Mi riferisco, ovviamente, alla reazione dei media americani di sinistra alla morte della Regina Elisabetta. Mentre la stampa di altri Paesi, come le loro leadership politiche, ha reagito in modo dignitoso e rispettoso a questo sconvolgente e triste evento nazionale, i media americani di sinistra, guidati dal New York Times, ci hanno dato una dimostrazione di rabbia e di odio un tanto sguaiata. Le ragioni sono molteplici e non intendo approfondirle. Per i non americani, più preoccupante delle farneticazioni della sinistra è il fatto che, come ho scoperto nel corso degli anni, un certo grado di incomprensione e persino di ostilità verso l'istituzione della monarchia non è limitato, in America, a una sola parte della divisione politica. Si estende persino ad alcuni cattolici tradizionali.
In questo articolo voglio quindi cogliere l'occasione per cercare di dare una spiegazione e una difesa della monarchia britannica, almeno ai cattolici di mentalità tradizionale, che dovrebbero essere più aperti al riguardo rispetto alla "grigia signora" di New York. Lo farò in tre fasi. In primo luogo, dirò qualcosa sul ruolo e sull'importanza delle tradizioni umane; poi sulla monarchia come istituzione; infine, specificamente sulla monarchia britannica e sulla regina Elisabetta.
Tradizioni umane
Inizio con le tradizioni umane, cioè quelle non divine, perché l'atteggiamento antitradizionale è così forte nella cultura secolare che persino alcuni cattolici che accettano l'importanza della Tradizione divina con la "T" maiuscola, come fonte di Rivelazione nella teologia cattolica, possono disconoscere qualsiasi altro tipo di tradizione. Una cosa (potrebbero eventualmente dire) è riconoscere che Gesù Cristo ha rivelato agli Apostoli cose che non sono state scritte nelle Scritture, e che quindi ci sono giunte per mezzo della Tradizione; un'altra è sentirsi obbligati a fare (o a credere) delle cose solo perché alcuni esseri umani fallibili nel passato hanno scelto di farle (o di crederle). Ed è questo che sono le tradizioni umane, no?

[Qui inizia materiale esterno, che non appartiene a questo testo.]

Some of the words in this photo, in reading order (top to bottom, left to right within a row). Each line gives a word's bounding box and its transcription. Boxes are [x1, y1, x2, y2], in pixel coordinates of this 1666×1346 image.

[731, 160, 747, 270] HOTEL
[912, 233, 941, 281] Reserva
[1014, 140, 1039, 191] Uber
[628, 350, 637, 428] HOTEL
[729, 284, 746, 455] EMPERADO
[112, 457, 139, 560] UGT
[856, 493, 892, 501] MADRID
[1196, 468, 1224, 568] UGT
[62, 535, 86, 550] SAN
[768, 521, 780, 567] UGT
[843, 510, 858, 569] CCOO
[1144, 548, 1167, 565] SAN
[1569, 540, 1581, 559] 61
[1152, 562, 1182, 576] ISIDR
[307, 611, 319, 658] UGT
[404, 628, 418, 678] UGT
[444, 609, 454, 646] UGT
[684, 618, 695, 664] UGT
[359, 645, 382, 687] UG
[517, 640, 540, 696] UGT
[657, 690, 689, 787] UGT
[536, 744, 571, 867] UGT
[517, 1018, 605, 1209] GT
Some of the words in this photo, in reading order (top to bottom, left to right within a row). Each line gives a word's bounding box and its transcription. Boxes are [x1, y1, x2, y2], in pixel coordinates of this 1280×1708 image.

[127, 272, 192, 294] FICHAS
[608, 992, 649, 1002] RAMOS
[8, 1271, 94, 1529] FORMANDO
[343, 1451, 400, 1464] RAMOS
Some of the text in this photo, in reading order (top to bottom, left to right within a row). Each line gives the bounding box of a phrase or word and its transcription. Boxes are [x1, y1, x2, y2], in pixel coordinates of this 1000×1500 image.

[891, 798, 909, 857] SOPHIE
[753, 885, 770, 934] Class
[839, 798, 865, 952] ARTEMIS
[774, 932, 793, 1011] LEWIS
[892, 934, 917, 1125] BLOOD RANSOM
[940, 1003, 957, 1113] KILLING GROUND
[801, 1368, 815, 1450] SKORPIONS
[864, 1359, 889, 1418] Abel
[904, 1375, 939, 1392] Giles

Beh, non proprio. Definirei le tradizioni come quelle pratiche che sono state eseguite dai nostri predecessori (antenati, predecessori nella fede, precedenti incaricati nei ruoli che ricopriamo, ecc.), che (a) sono state continuate nel tempo dalle generazioni successive (non necessariamente senza interruzioni), e (b) sono state considerate significative, e quindi (c) sono considerate in qualche misura vincolanti per la generazione attuale.
È quindi probabile che sentiamo di dover continuare, in un certo senso, varie pratiche culturali ereditate, come le cene del Ringraziamento, gli alberi di Natale, la partecipazione alle opere di Shakespeare e così via. Ci possono essere ragioni per cui non è possibile in una particolare occasione, e può essere che non siamo stati indotti alla tradizione nelle nostre famiglie, ma se ci vediamo come membri di un gruppo culturale storicamente caratterizzato da una certa pratica, possiamo adottarla o farla rivivere.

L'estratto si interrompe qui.